Circles + Workshop Agreement

This Circles and Workshop Agreement (“Agreement”) is made by and between Reboot.io (“Company”), a Colorado Corporation; and the individual who will receive such services (“Client” or “Sponsor”). This Agreement is dated as of the most recent date set forth at the end of this Agreement.

  1. Background. Company is in the business of providing leadership development, executive coaching, organizational capability building, and consulting services.  Client wishes to gain access to certain of such offerings. Client may not be replaced without the written agreement of Company.
  2. Services & Fees. Company will facilitate a Reboot Circle that will meet 1.5 hours roughly every 2-weeks for at least 6 consecutive months (“Services”). In some instances, Reboot will also facilitate an in-person workshop that will kickoff the Circle engagement.  Payment for membership in the Circle is $500 per month paid by credit card.  Payment and terms for any in-person workshop will be named by the Circle facilitator who invites you to the workshop. Additionally, all other expenses incurred by any party to this Agreement in connection with this transaction, including but not limited to legal expenses, income taxes, and the cost of any investigation the parties may make or may have made, shall be borne by the party incurring such expenses whether or not the transaction contemplated by this Agreement is consummated.
  3. Additional Costs or Engagements. Books, materials, offsites, facilitated meetings, trainings, and other similar expenses can be confirmed via email by client and included under the terms of this Agreement.
  4. Term and Termination. These Terms shall commence on the date hereof and may be terminated by Company, Facilitator, or Client, for any or no reason, by providing forty-eight (48) hours written notice delivered to the other parties. Upon any termination of these Terms all fees accrued become due and payable. The parties’ rights and obligations under the following sections shall survive any termination of these Terms: Term and Termination, Intellectual Property, Confidentiality, Publicity, Disclaimer, Non-Solicitation of Staff, and General Contract Provisions.
  5. Term and Termination. Upon any termination of this Agreement all fees become due and payable. The parties’ rights and obligations under the following sections shall survive any termination of this Agreement: Term and Termination, Intellectual Property, Confidentiality, Publicity, Disclaimer, Non-Solicitation of Staff, and General Contract Provisions.

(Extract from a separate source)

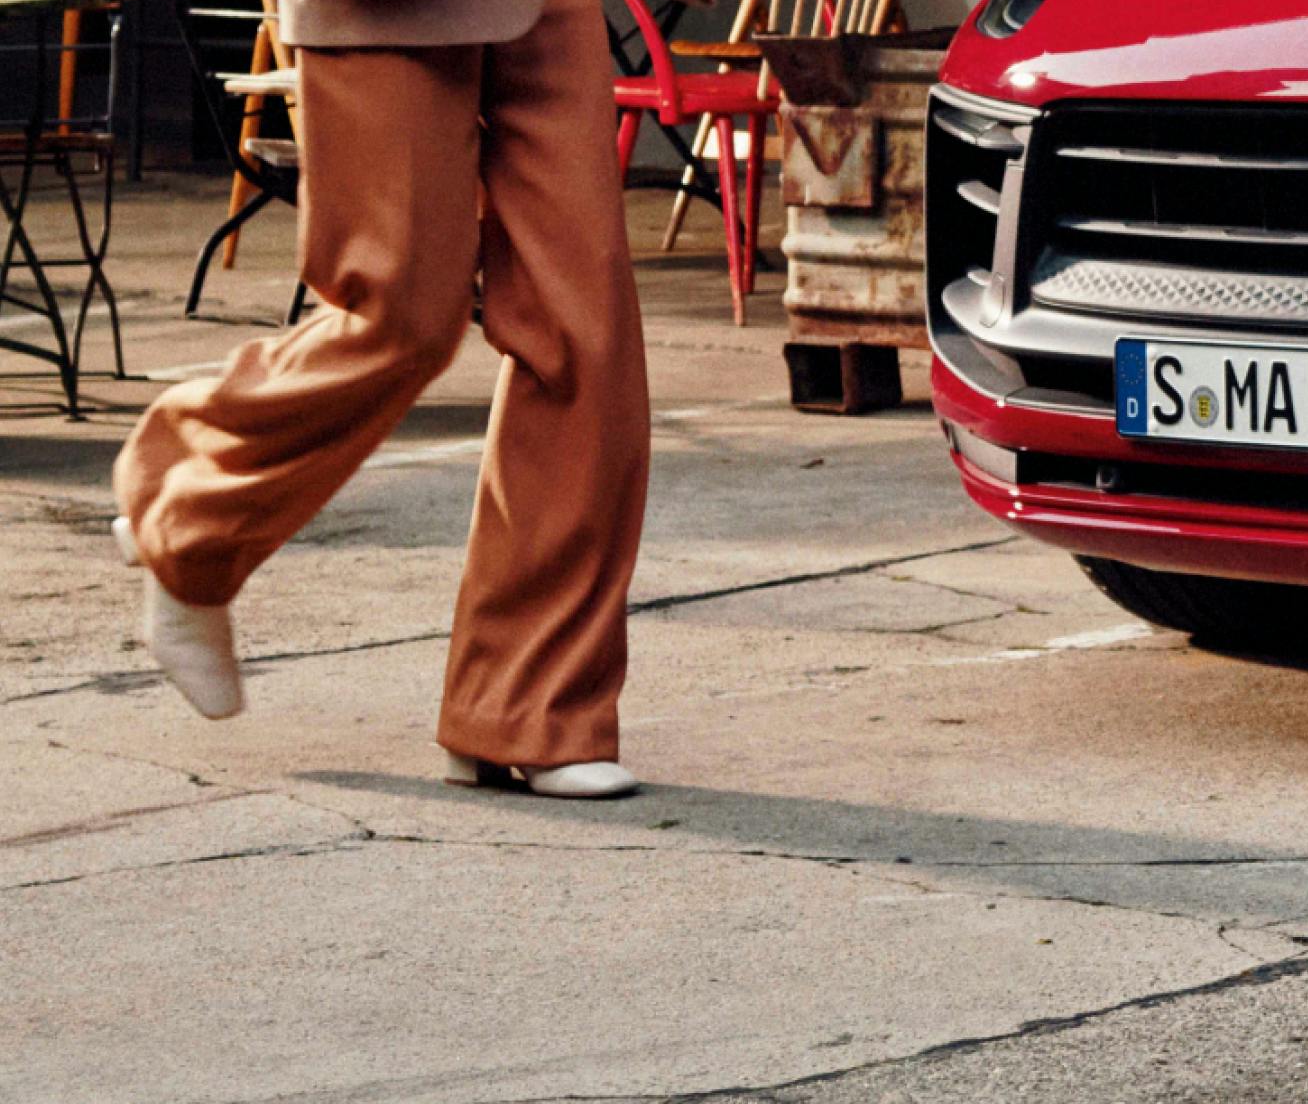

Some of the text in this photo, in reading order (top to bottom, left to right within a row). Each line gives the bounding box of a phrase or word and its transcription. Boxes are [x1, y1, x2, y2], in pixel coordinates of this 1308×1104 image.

[1126, 398, 1138, 418] D
[1153, 355, 1184, 426] S
[1224, 359, 1298, 435] MA

  6. Intellectual Property. Unless the parties expressly agree otherwise in writing, all materials and content used or created by Company or Coach/Facilitator in connection with delivery of Services, are Company or Coach/Facilitator’s intellectual property and may be used by Sponsor or Client solely internally and for the limited purposes identified in such written agreement. Neither Sponsor nor Client shall reproduce, reuse, or distribute Company or Coach/Facilitator’s materials or content without Coach/Facilitator’s prior written consent.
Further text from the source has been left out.